» **Action item**: Copy the lines below exactly. No picture goes into the copy.

(Saved data entries)
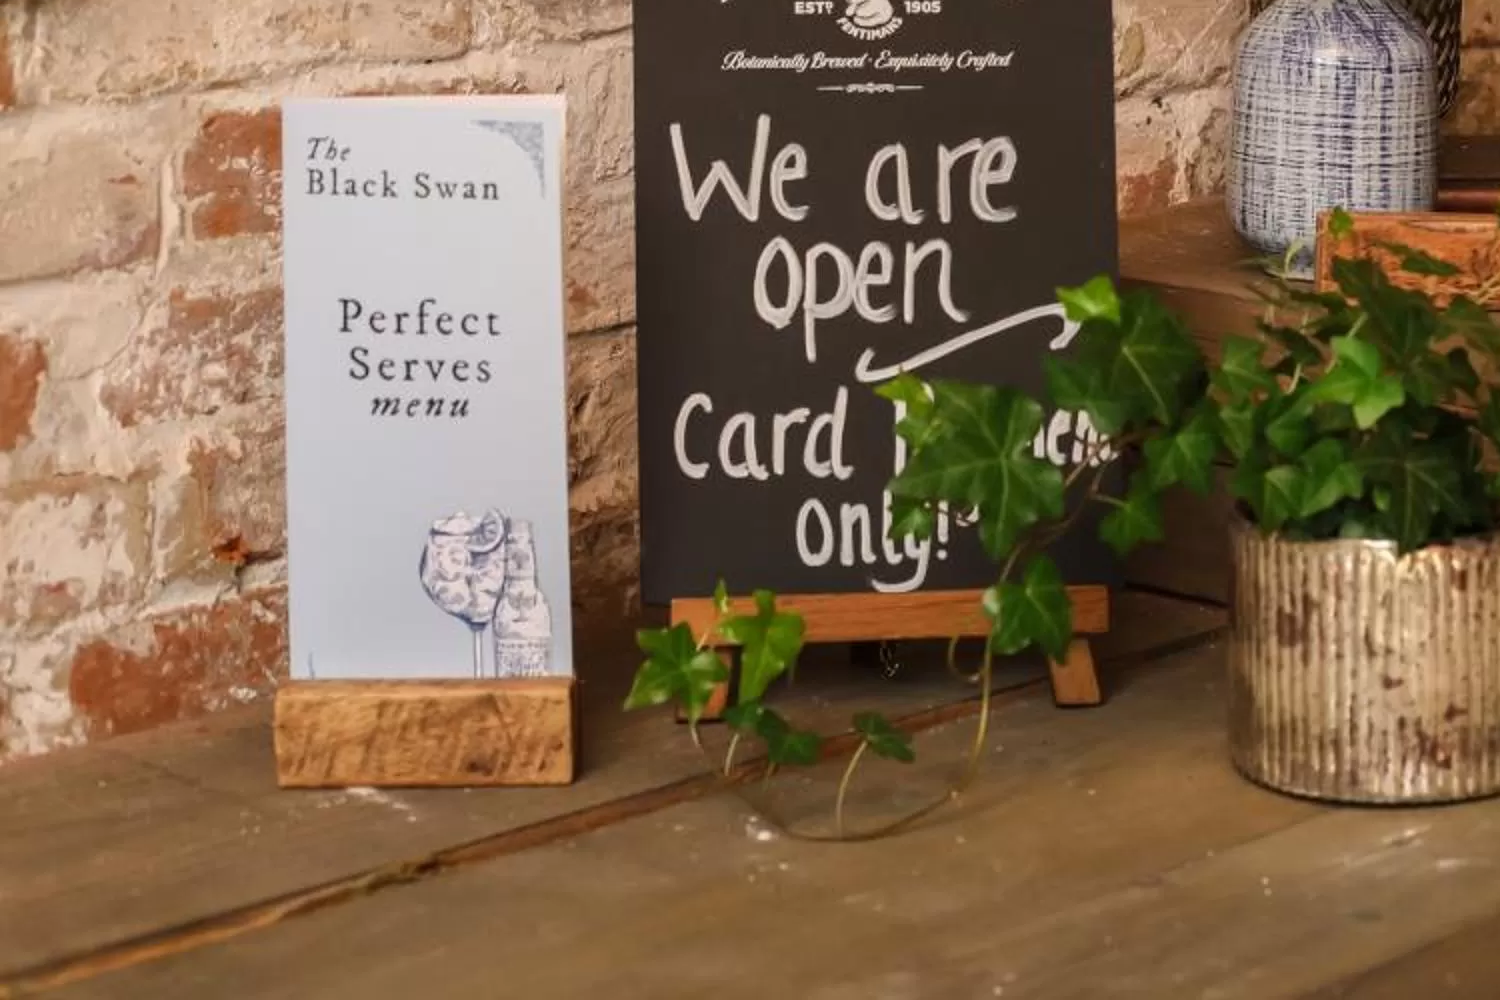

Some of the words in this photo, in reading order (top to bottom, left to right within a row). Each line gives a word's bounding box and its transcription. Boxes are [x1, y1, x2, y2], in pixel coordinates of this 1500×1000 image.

[904, 0, 942, 14] 1905
[836, 16, 903, 41] FENTIMANS
[720, 49, 810, 73] Botanically
[810, 51, 867, 70] Brewed
[874, 50, 954, 73] Exquisitely
[956, 49, 1012, 71] Crafted
[307, 136, 352, 162] The
[669, 113, 811, 222] We
[865, 136, 1018, 225] are
[306, 168, 399, 199] Black
[414, 172, 500, 201] Swan
[338, 298, 502, 336] Perfect
[348, 346, 493, 384] Serves
[370, 395, 470, 418] menu
[673, 385, 856, 481] Card
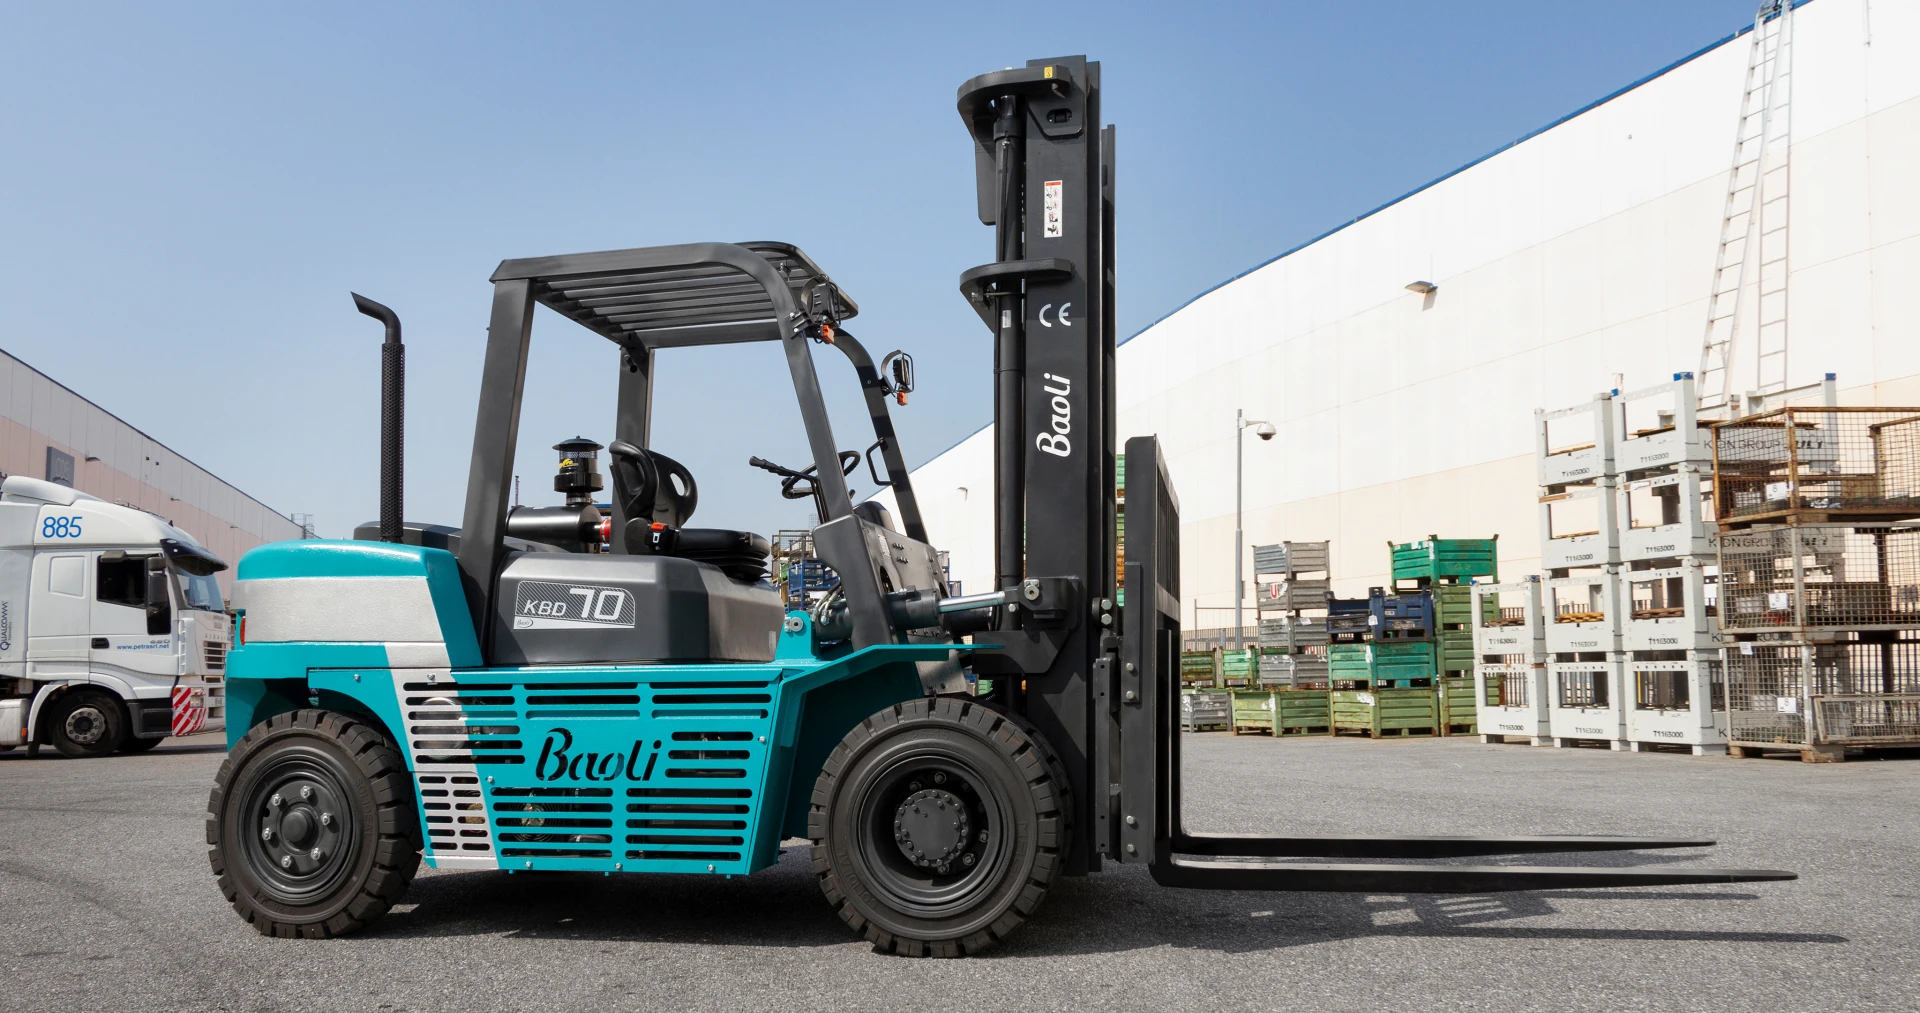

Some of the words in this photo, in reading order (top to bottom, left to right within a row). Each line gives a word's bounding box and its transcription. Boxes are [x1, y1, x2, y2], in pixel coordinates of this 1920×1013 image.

[1039, 302, 1071, 328] CE
[1036, 373, 1071, 457] Baoli
[1704, 440, 1736, 449] KON
[1739, 440, 1780, 449] GROUP
[42, 516, 82, 538] 885
[1709, 538, 1741, 548] KON
[524, 600, 566, 616] KBD
[570, 588, 625, 620] 70
[0, 601, 11, 650] QUALCOMM
[117, 643, 170, 651] www.petrasrl.net
[535, 727, 663, 782] Baoli

» **Reply**:
Some of the words in this photo, in reading order (top to bottom, left to right within a row). Each line gives a word's bounding box and its transcription. Boxes are [x1, y1, x2, y2], in pixel coordinates of this 1500×1000 image.

[904, 0, 942, 14] 1905
[836, 16, 903, 41] FENTIMANS
[720, 49, 810, 73] Botanically
[810, 51, 867, 70] Brewed
[874, 50, 954, 73] Exquisitely
[956, 49, 1012, 71] Crafted
[307, 136, 352, 162] The
[669, 113, 811, 222] We
[865, 136, 1018, 225] are
[306, 168, 399, 199] Black
[414, 172, 500, 201] Swan
[338, 298, 502, 336] Perfect
[348, 346, 493, 384] Serves
[370, 395, 470, 418] menu
[673, 385, 856, 481] Card

Some of the words in this photo, in reading order (top to bottom, left to right within a row). Each line gives a word's bounding box and its transcription. Boxes are [x1, y1, x2, y2], in pixel coordinates of this 1920×1013 image.

[1039, 302, 1071, 328] CE
[1036, 373, 1071, 457] Baoli
[1704, 440, 1736, 449] KON
[1739, 440, 1780, 449] GROUP
[42, 516, 82, 538] 885
[1709, 538, 1741, 548] KON
[524, 600, 566, 616] KBD
[570, 588, 625, 620] 70
[0, 601, 11, 650] QUALCOMM
[117, 643, 170, 651] www.petrasrl.net
[535, 727, 663, 782] Baoli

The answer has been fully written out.